It's a standard blood test that screens for the Human Immunodeficiency Virus, or HIV which can lead to AIDS if not treated.
In 1993 it was a test just like this that changed Marama Mullen's life forever, when it revealed she was HIV positive.
"I thought it was the end of my life," Mullen said. "I thought that I'd never find love, never have children.
"They said you won't have children... so that was more devastating in a way. I always dreamed of a fantasy home, children, partner and a white picket fence. So to me that was destroyed instantly and I had no idea what I was going to do."
Mullen was just 22 years old but 25 years later a lot has changed. Her HIV is controlled by daily medication which keeps her alive, and means the virus has not been detected in her blood for the last 18 years.
But the same progress hasn't been made with the stigma associated with the disease.
Caroline Wharry is an HIV specialist at Hamilton's sexual health clinic and says even today it is unfortunate that she has to warn newly diagnosed clients to be careful who they tell.
"I would love tell my new patients to go home and tell everyone you've got HIV," Wharry said. "And that people would treat you no different, give you a hug like they would if you had cancer. Unfortunately we're not there yet, but any education out there about HIV has got to be a good thing."
Her message is that HIV is no longer the death sentence it used to be - if those who are diagnosed have access to medication.
"It has a huge ripple effect. You teach ten people in a room, they think 'oh HIV is not what it used to be' because if people are not re-educated, they never have any idea."
A recent Colmar Brunton survey shows there's still a long way to go to 're-educate' New Zealanders about HIV.
Commisioned by the AIDS Foundation, the survey shows 38% of Kiwis would be uncomfortable having an HIV positive flatmate, 46% would be uncomfortable letting their child play with an HIV positive child, and 88% would be uncomfortable having a sexual relationship with someone with a positive status.
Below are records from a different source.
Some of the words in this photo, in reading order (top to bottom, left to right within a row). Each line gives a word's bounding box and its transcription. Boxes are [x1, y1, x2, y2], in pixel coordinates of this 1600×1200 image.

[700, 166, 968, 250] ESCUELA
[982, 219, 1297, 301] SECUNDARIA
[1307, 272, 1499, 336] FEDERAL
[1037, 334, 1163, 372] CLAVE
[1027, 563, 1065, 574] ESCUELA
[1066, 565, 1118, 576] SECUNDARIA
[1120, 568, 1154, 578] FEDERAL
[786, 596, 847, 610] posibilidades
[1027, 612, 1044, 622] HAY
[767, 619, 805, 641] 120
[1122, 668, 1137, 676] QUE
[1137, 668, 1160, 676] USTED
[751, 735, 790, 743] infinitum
A global movement called U=U aims to change that with the message that anyone on treatment for more than six months can't transmit the virus.
Marama Mullen's story has a happy ending.
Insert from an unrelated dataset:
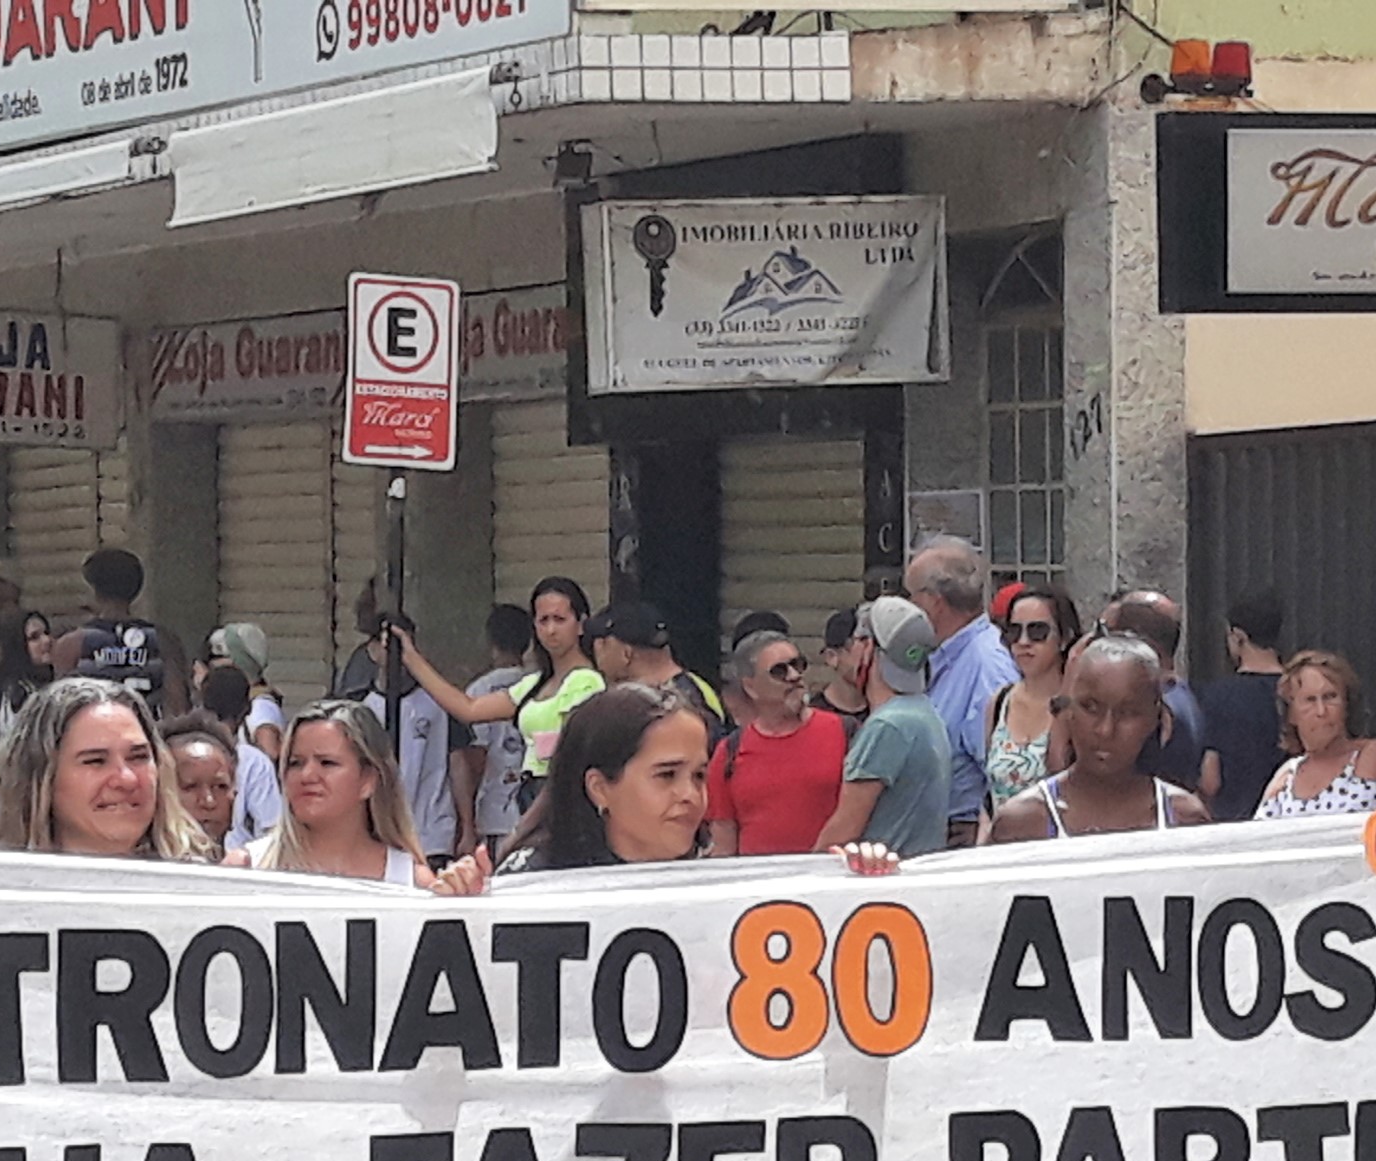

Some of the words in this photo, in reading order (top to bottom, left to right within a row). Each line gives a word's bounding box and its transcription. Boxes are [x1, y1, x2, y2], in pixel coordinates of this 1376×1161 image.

"Yes, I did end up having my dream children, and living the life I wanted to live. But now because I live with the virus they live with it as well, even though they are HIV negative they live with the stigma and discrimination that comes with it."
The continuing lack of awareness about HIV is why Mullen keeps pushing for change.
"Yes, I'm the accidental HIV activist.," she said. "I have a lot of passion around people suffering injustice and human rights, and we see that with HIV people - regardless of sexuality, of gender."
Women tend not to be seen as a risk for HIV because it is known as a gay man's disease. But Mullen says women are at risk, especially indigenous women.
"In New Zealand, women may present in the hospital with AIDS-related illnesses but because there's not enough knowledge about HIV they get misdiagnosed. Children have been misdiagnosed and that's a concern too.
"We still have deaths. There not enough knowledge in the general practice of our GPs and doctors on what could be an AIDS-related illness or an HIV symptom."
Three thousand five hundred women and men are estimated to be living with HIV in Aotearoa. Around 500 of those may not even know they carry the virus.
Knowing your HIV status is one of the messages for World Aids Day today, 1 December.
For Mullen, it's a day to remember those who werent diagnosed in time.
"It's all about remembering the ones that have died. How do we honour the people who have died of AIDS?"